Tamara Herman, mère de deux enfants, milite au sein de Voix juives indépendantes afin d'inclure l'enseignement de la Nakba dans le programme scolaire. Elle croit qu'il faut aller au-delà de la peur et du traumatisme intergénérationnel causé par l'Holocauste pour résoudre le conflit au Moyen-Orient.

Photo : Radio-Canada / Gabriel Osorio

Pour la mère de deux enfants, cet objectif passe justement par une meilleure compréhension des événements qui ont mené à la guerre actuelle entre Israël et le Hamas, ce qui inclut la Nakba.

La solution à des gestes haineux envers des enfants qui font partie de la communauté juive, ce n’est pas de retirer de l'information, c'est de permettre aux enfants de comprendre qu’ils ont une responsabilité de changer le monde.

Une citation de Tamara Herman

Un défi pour les enseignants

Le conflit israélo-palestinien est une des thématiques qui est la plus difficile pour les enseignants et c'est une thématique qu’ils vont souvent essayer d'éviter, observe Sabrina Moisan, professeure de didactique de l'histoire à la faculté d'éducation de l'Université de Sherbrooke.

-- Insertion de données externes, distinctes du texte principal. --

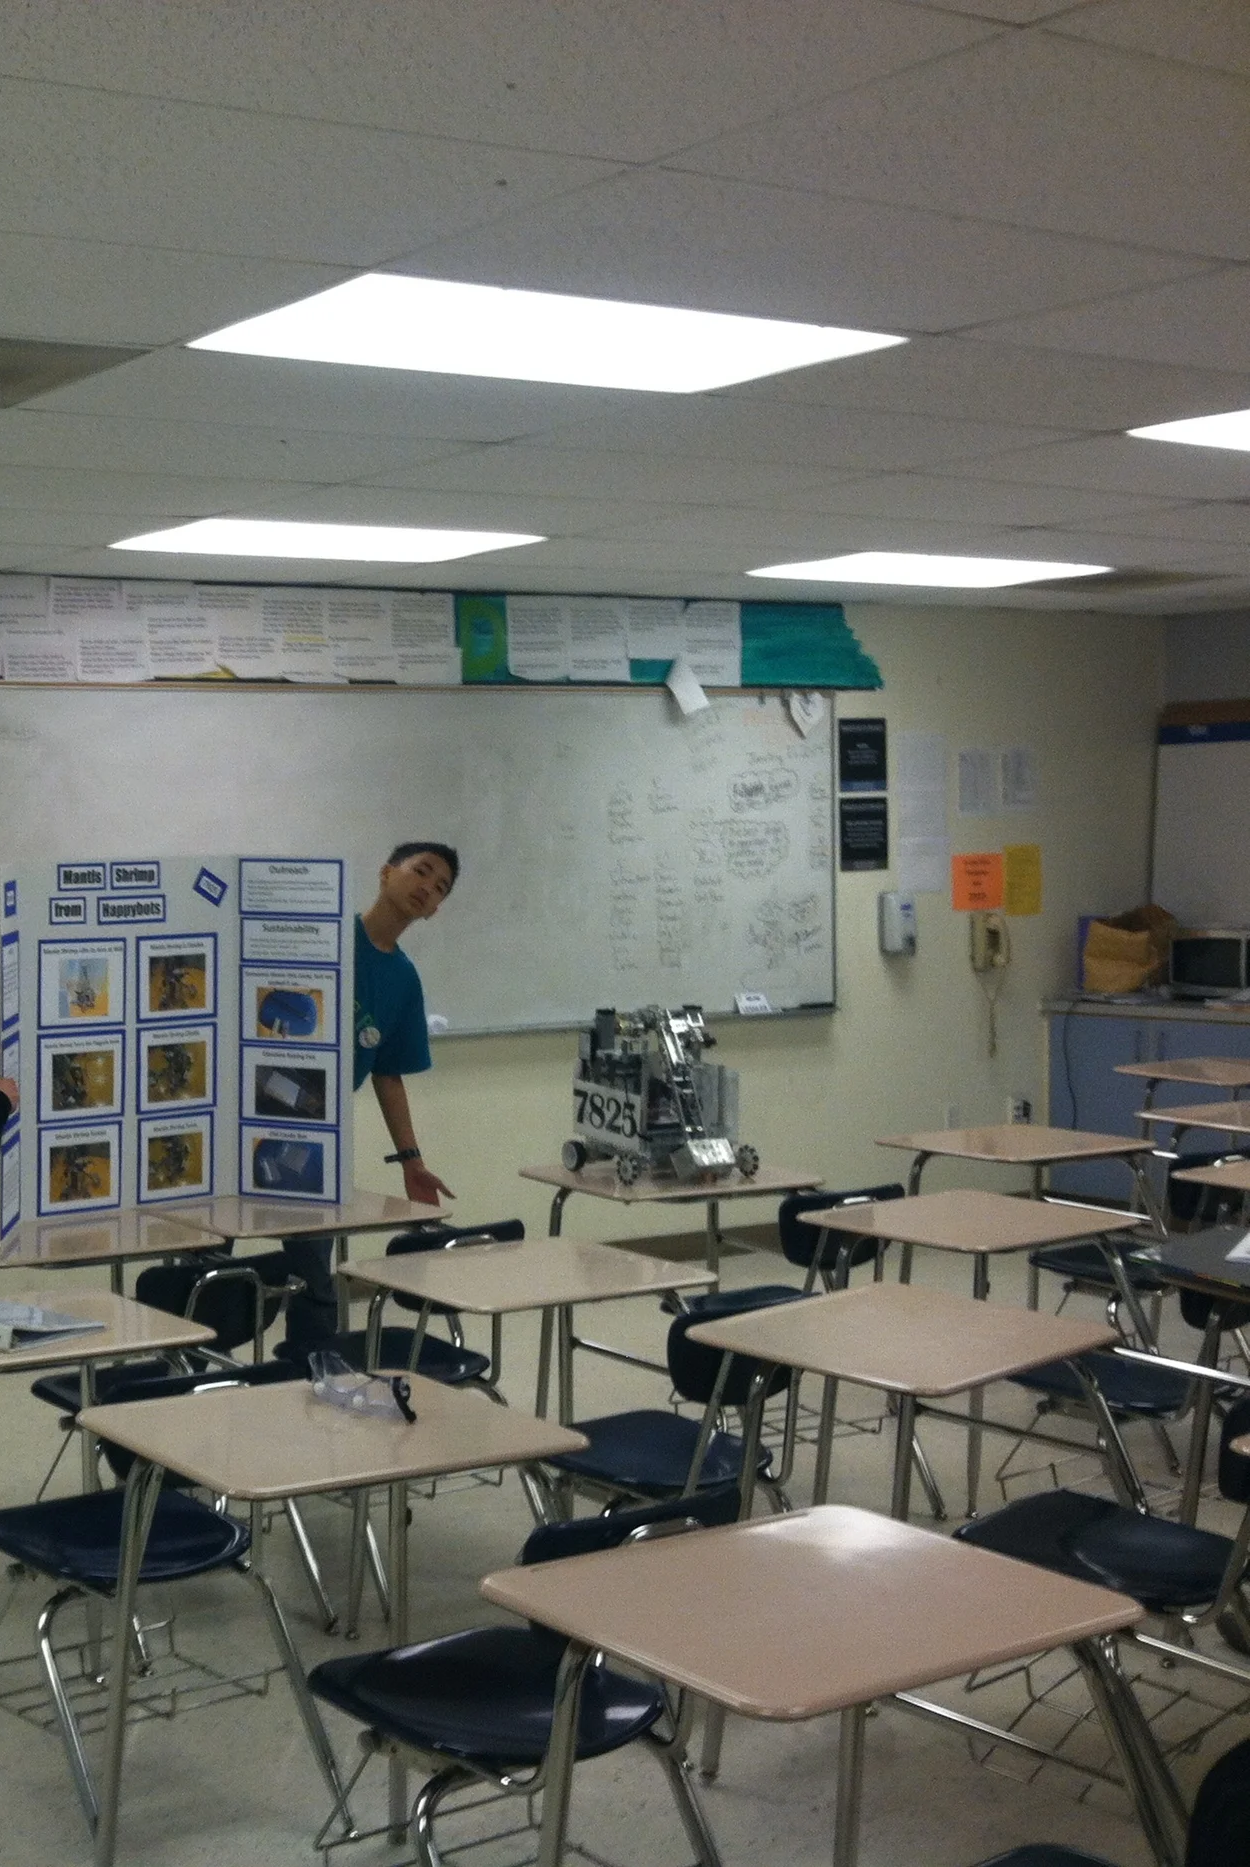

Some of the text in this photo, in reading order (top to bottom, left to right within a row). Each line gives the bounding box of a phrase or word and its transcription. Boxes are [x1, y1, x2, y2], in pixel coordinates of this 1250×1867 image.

Dans l'enseignement de l'histoire de l'Holocauste, on va s'arrêter avant d'arriver à la création de l'État d'Israël, poursuit-elle. La chercheuse attribue ce défi au changement du rapport de force lors de la création d'Israël. Les rôles changent et ça complexifie le travail des enseignants.

Sabrina Moisan voit d’un bon œil les discussions sur l’inclusion de cet enseignement en salle de classe. On vit en démocratie, et c'est très important de pouvoir s'exprimer, de pouvoir demander, et qu’une majorité de points de vue et de perspectives puissent être entendus, croit-elle.

La ministre de l'Éducation s'en remet aux éducateurs

Questionnée dans les corridors de l’Assemblée législative à Victoria, la ministre de l’Éducation, Rachna Singh, a refusé de se prononcer sur l’inclusion de la Nakba dans le programme scolaire.

Je laisse cela aux enseignants, a-t-elle dit. Je m’attends à ce qu’ils utilisent leur jugement professionnel pour enseigner ces questions complexes et sensibles.

La ministre a ajouté que, selon elle, les enseignants sont correctement outillés à l’heure actuelle.